== WHAT THE TASK REQUIRES ==
Please reproduce the data exactly, excluding any pictures it contains.

== EXERCISE INPUT ==
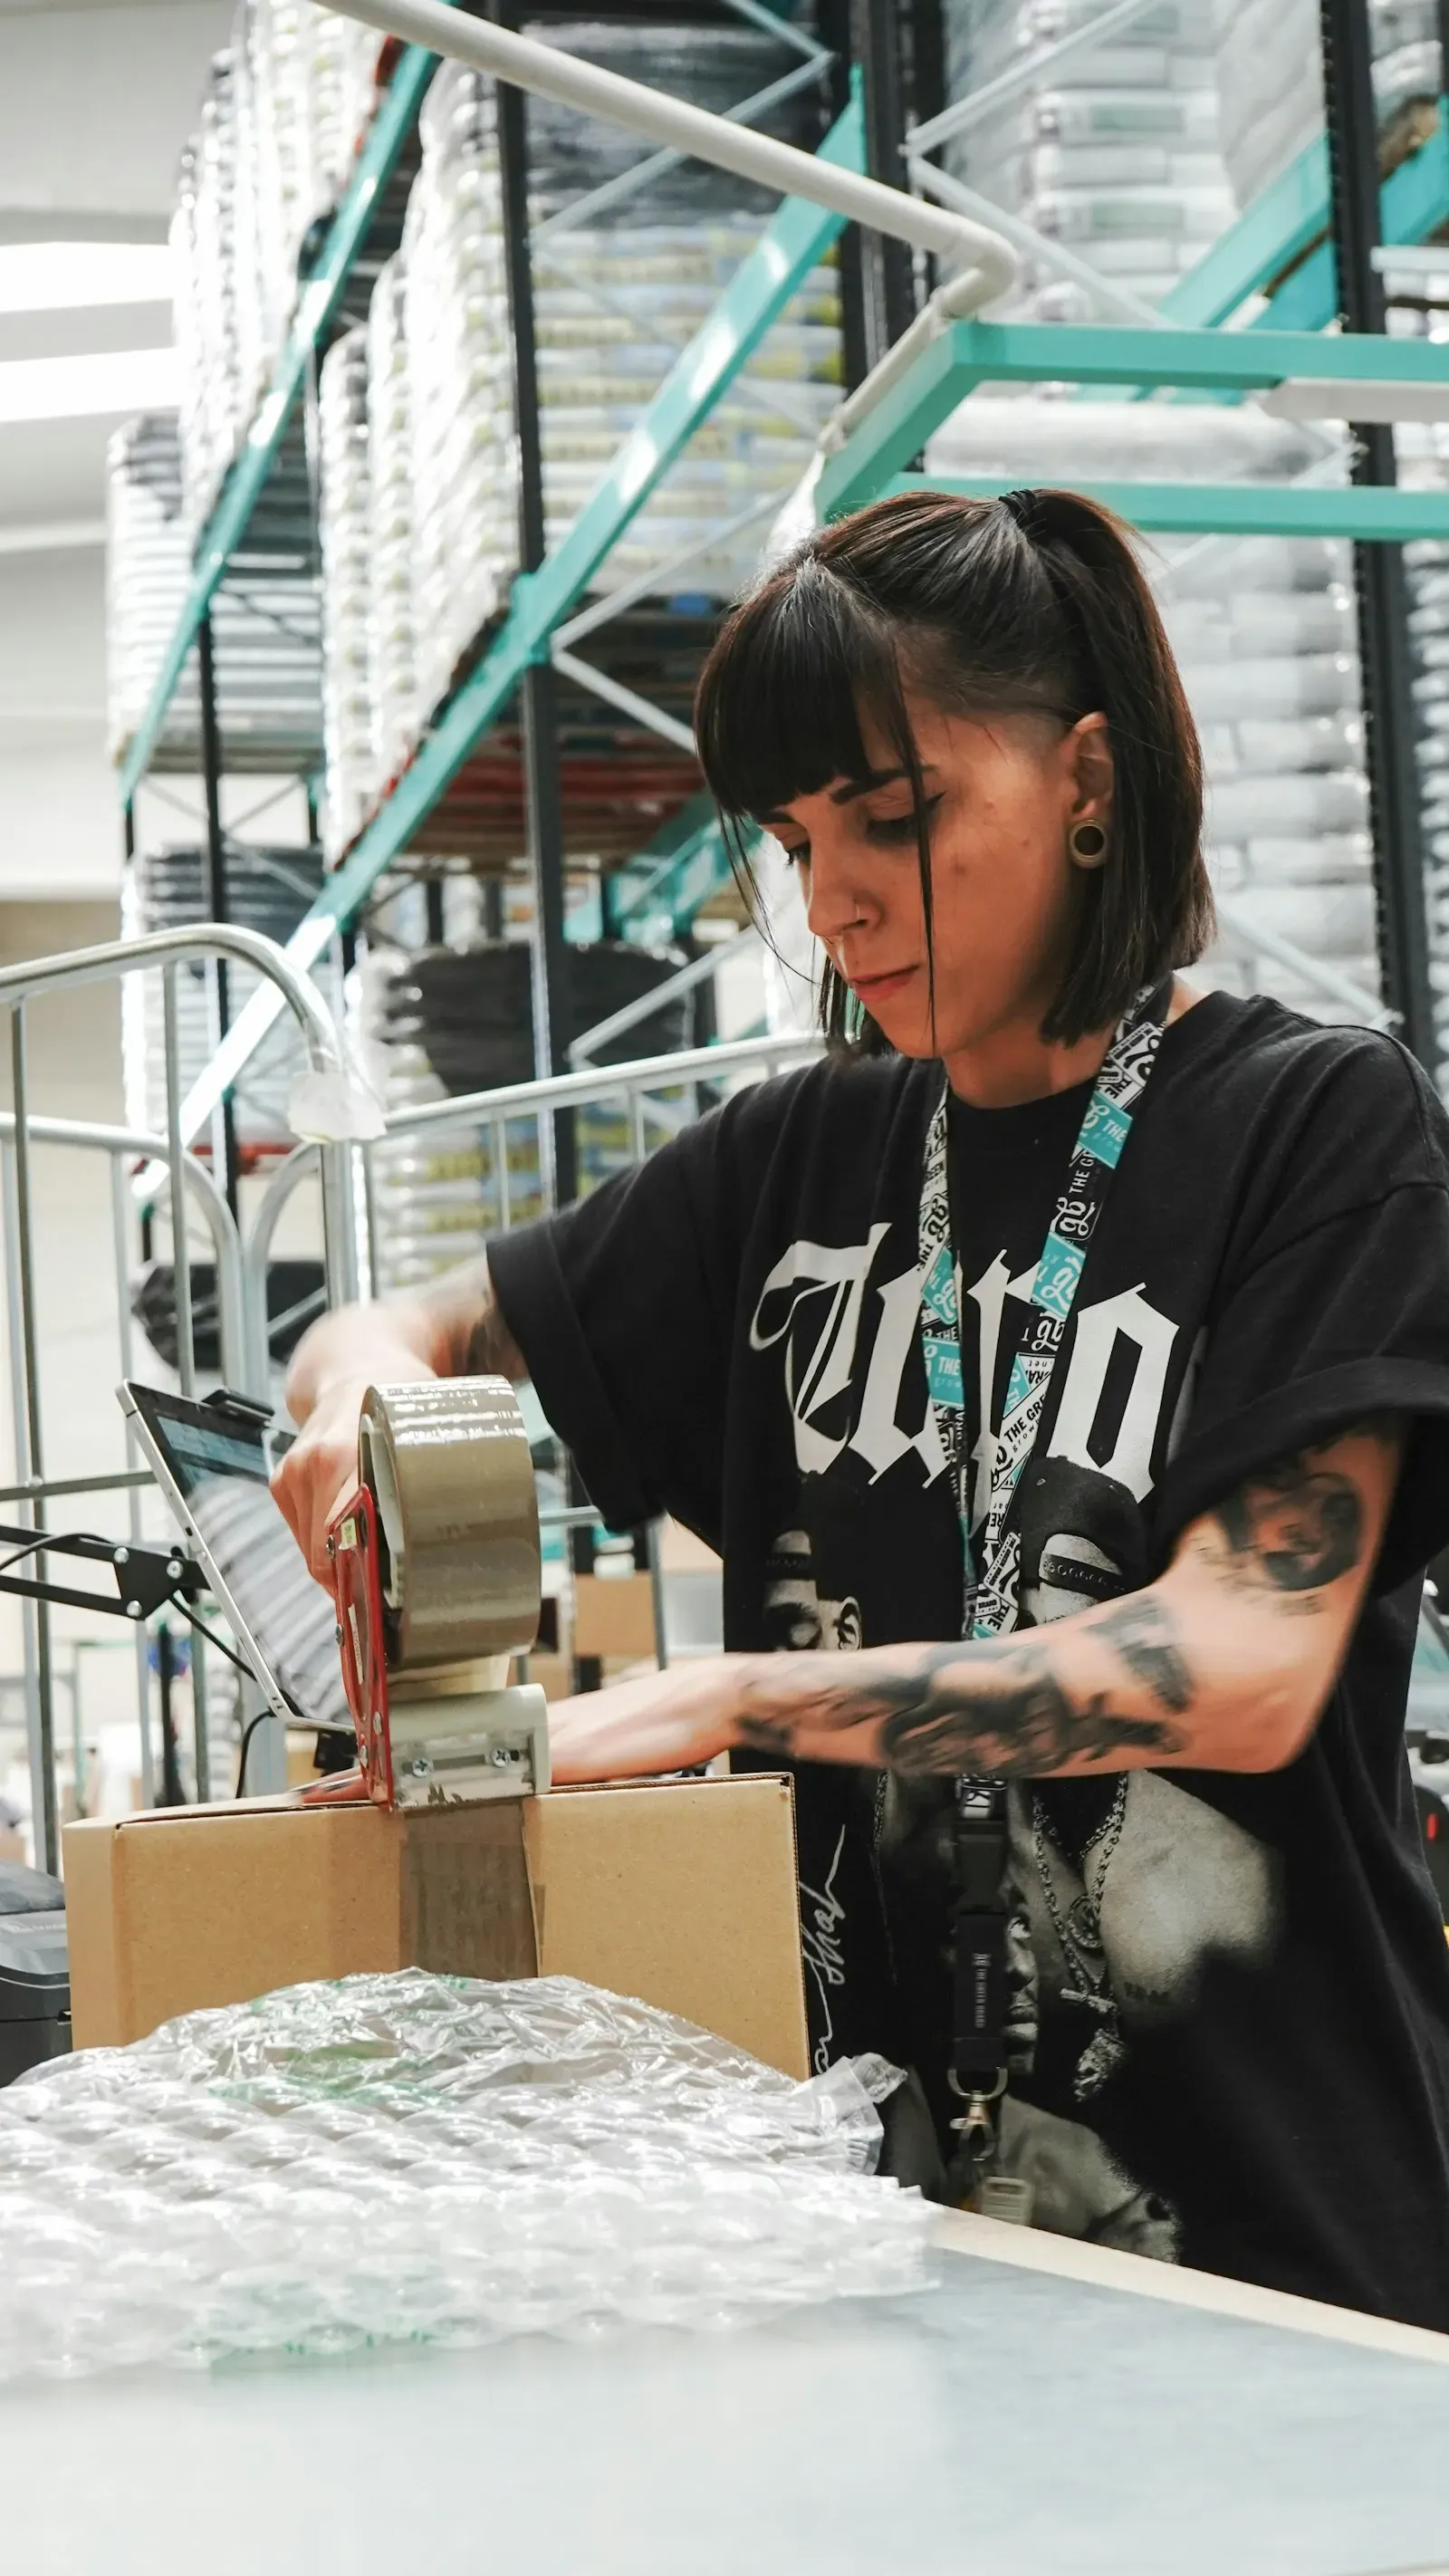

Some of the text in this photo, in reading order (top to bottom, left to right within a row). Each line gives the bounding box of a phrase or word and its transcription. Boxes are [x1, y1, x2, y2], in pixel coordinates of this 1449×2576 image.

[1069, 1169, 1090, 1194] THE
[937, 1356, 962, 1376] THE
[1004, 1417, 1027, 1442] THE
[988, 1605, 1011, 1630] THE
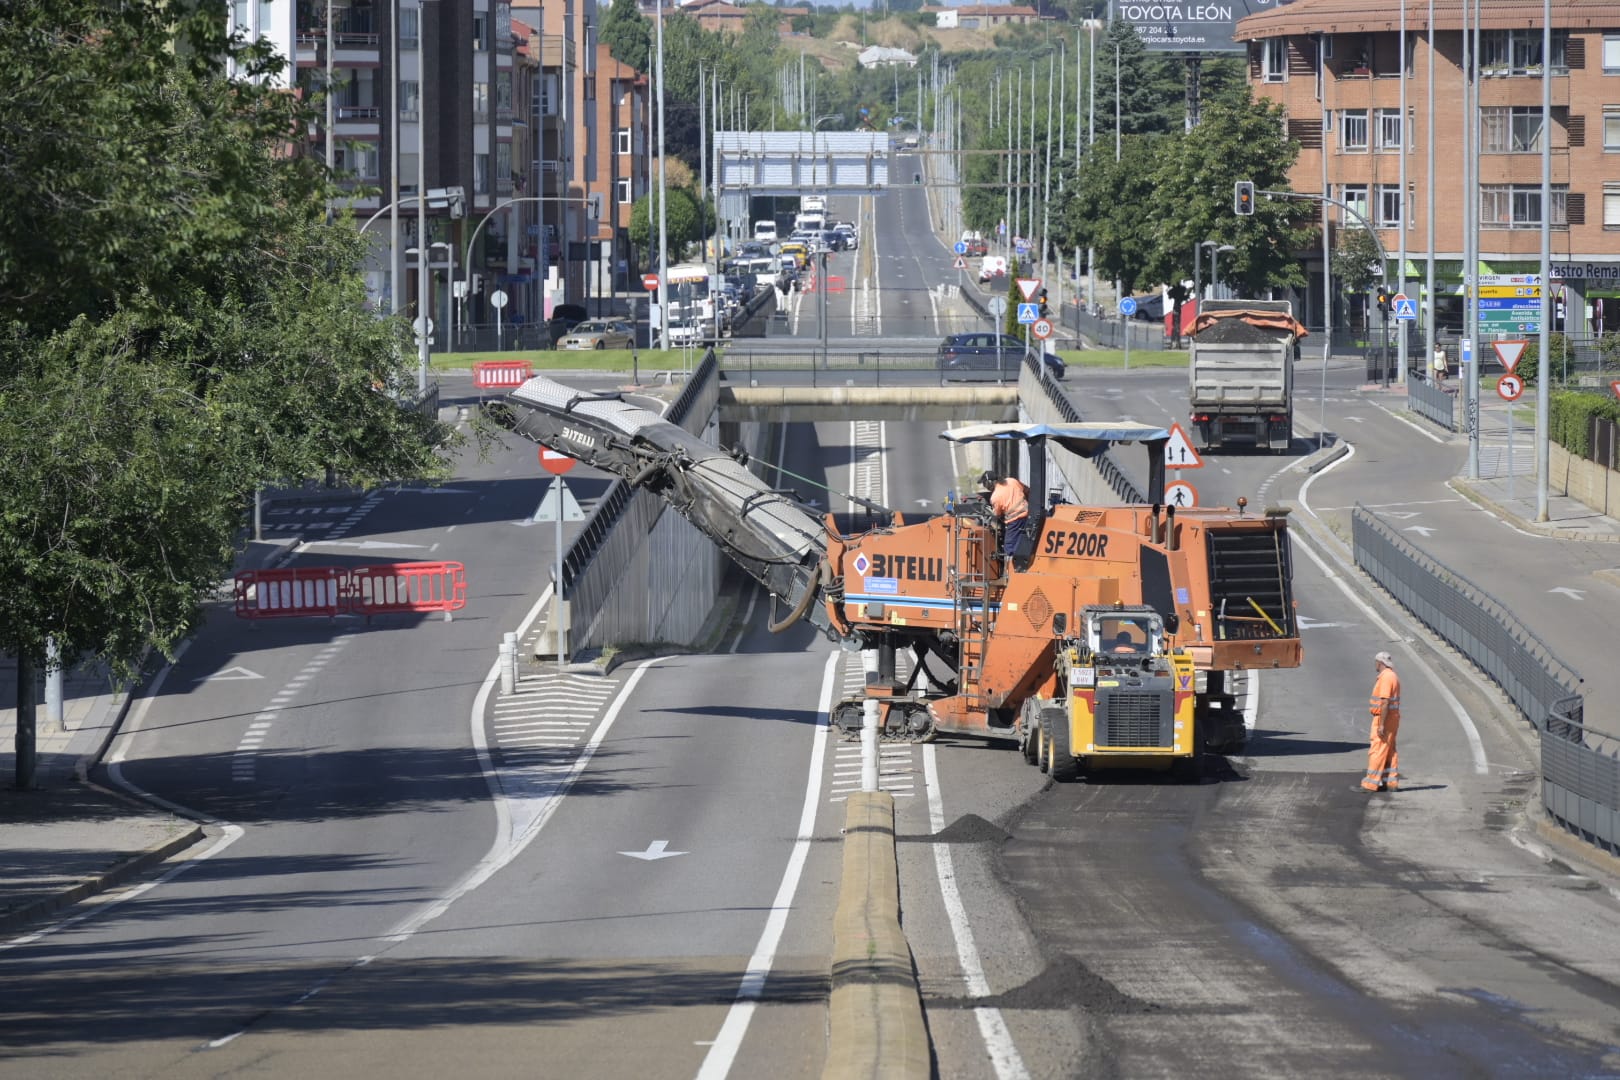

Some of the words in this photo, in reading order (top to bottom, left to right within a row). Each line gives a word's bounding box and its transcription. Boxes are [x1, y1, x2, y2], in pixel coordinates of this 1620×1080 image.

== ANSWER AREA ==
Some of the text in this photo, in reading order (top to bottom, left to right within a row). Each line gives the bounding box of a phrase or word and its transcription. Boxes are [x1, y1, x2, y2], in pixel coordinates of this 1449×2576 image.

[1069, 1169, 1090, 1194] THE
[937, 1356, 962, 1376] THE
[1004, 1417, 1027, 1442] THE
[988, 1605, 1011, 1630] THE

Some of the words in this photo, in reading order (top to bottom, left to right within a row). Each line gives a word's bounding box and its transcription. Boxes are [x1, y1, x2, y2], in pixel coordinates of this 1620×1080 image.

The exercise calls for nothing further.